However as you could see, because both principal.ip and principal.user.email_addresses are repeated fields and you are matching using principal.user.userid so each user id will have a multi-list of IP-emails pairs, the rule will trigger if there is at least one pair that is not in your data table.
i.e. The highlighted alert had 10 pairs, 9 of them were not in the data table so the rule triggered.
For Equal Matching ; The rule will work as expected
Concatenating them in the parser should work but it won’t be a neat solution and will have the same effect.
You could define the table as ;
ipEmail
ref
ip1_email1
GCP_CLOUDAUDIT
First column will be the ip-email pair concatenated with “_”, the other column is any dummy value.
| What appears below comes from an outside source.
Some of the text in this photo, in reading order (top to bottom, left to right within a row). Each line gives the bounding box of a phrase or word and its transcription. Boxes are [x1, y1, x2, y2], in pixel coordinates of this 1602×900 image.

%sample_rule3.ref = $e.metadata.log_type //dummy match just to allow “!=” operator later
$ipEmailPair != %sample_rule3.ipEmail
match:
$user_id_for_match over 1h
outcome:
$ipEmailPair_ = array_distinct($ipEmailPair)
condition:
$e }
The rule will generate a list of IP Email pairs ($ipEmailPair_) per user id ($user_id_for_match), but also the rule will trigger if the list $ipEmailPair_ have any pairs that are not in the table.
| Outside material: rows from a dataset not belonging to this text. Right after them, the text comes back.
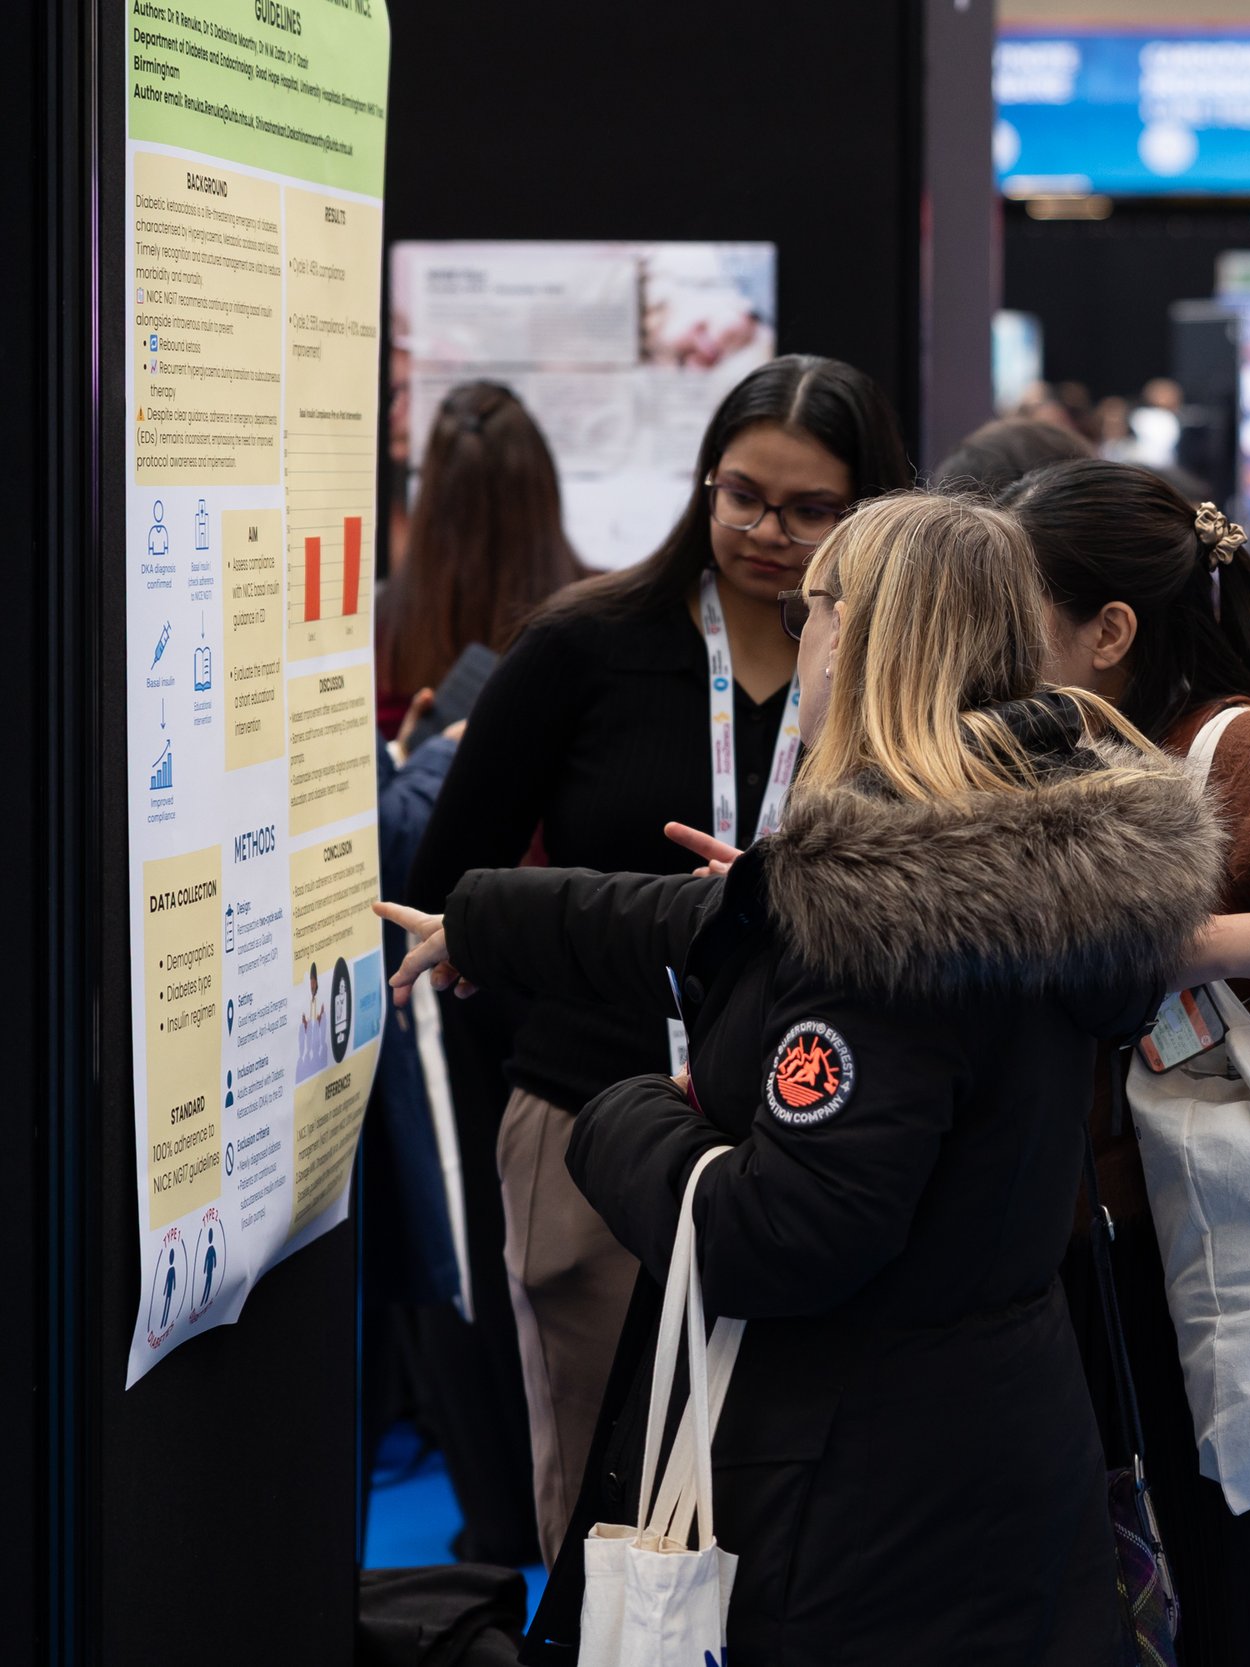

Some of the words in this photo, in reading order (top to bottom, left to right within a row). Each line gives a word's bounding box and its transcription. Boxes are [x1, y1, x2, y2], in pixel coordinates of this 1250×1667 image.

[134, 0, 166, 21] Authors:
[168, 7, 175, 24] Dr
[176, 10, 180, 26] R
[204, 19, 210, 34] Dr
[255, 0, 301, 36] GUIDELINES
[134, 28, 178, 52] Department
[179, 40, 184, 54] of
[186, 41, 208, 62] Diabetes
[210, 51, 219, 64] and
[134, 55, 180, 80] Birmingham
[134, 84, 162, 103] Author
[164, 93, 182, 108] email:
[187, 172, 228, 197] BACKGROUND
[136, 195, 164, 210] Diabetic
[324, 206, 346, 226] RESULTS
[136, 218, 180, 236] characterised
[136, 242, 160, 260] Timely
[162, 247, 190, 262] recognition
[136, 266, 170, 284] morbidity
[171, 269, 182, 282] and
[146, 289, 162, 304] NICE
[136, 313, 172, 330] alongside
[160, 338, 184, 352] Rebound
[160, 361, 186, 374] Recurrent
[150, 384, 176, 401] therapy
[148, 408, 173, 424] Despite
[174, 409, 187, 421] clear
[137, 427, 158, 446] (EDs)
[160, 432, 184, 444] remains
[137, 454, 168, 471] protocol
[248, 526, 258, 542] AIM
[141, 564, 154, 574] DKA
[154, 562, 176, 576] diagnosis
[232, 558, 248, 572] Assess
[249, 555, 274, 574] compliance
[147, 579, 172, 589] confirmed
[243, 582, 254, 598] NICE
[254, 582, 266, 596] basal
[266, 580, 280, 596] insulin
[233, 611, 254, 631] guidance
[234, 664, 254, 681] Evaluate
[262, 660, 275, 678] impact
[146, 678, 160, 688] Basal
[162, 676, 176, 687] insulin
[319, 675, 344, 694] DISCUSSION
[239, 692, 250, 708] short
[250, 687, 275, 705] educational
[234, 718, 261, 736] intervention
[151, 796, 174, 809] Improved
[148, 810, 176, 824] compliance
[234, 824, 275, 864] METHODS
[324, 839, 352, 862] CONCLUSION
[150, 891, 176, 912] DATA
[178, 879, 216, 906] COLLECTION
[237, 900, 251, 915] Design:
[167, 941, 214, 971] Demographics
[167, 980, 197, 1002] Diabetes
[198, 974, 212, 996] type
[238, 992, 253, 1009] Setting:
[168, 1010, 190, 1032] Insulin
[191, 1003, 216, 1028] regimen
[824, 1028, 853, 1079] EVEREST
[237, 1061, 254, 1080] Inclusion
[256, 1054, 269, 1072] criteria
[325, 1072, 351, 1101] REFERENCES
[171, 1096, 205, 1125] STANDARD
[793, 1094, 844, 1123] COMPANY
[153, 1140, 172, 1163] 100%
[174, 1128, 208, 1154] adherence
[208, 1122, 214, 1138] to
[237, 1133, 255, 1152] Exclusion
[256, 1124, 270, 1143] criteria
[154, 1171, 172, 1194] NICE
[189, 1151, 220, 1184] guidelines
[202, 1207, 215, 1227] TYPE
[163, 1228, 178, 1248] TYPE
i.e. if you added ip1_email1,”GCP_CLOUDAUDIT” in that table, the rule will trigger if a user id user1 has ip2_email2 and ip1_email1pairs within the hour since ip2_email2 pair is not in the data table.
Thank you for your reply. I will try to verify the information you provided! I will contact you once the verification is complete.
I tested it and was able to achieve what I wanted to do.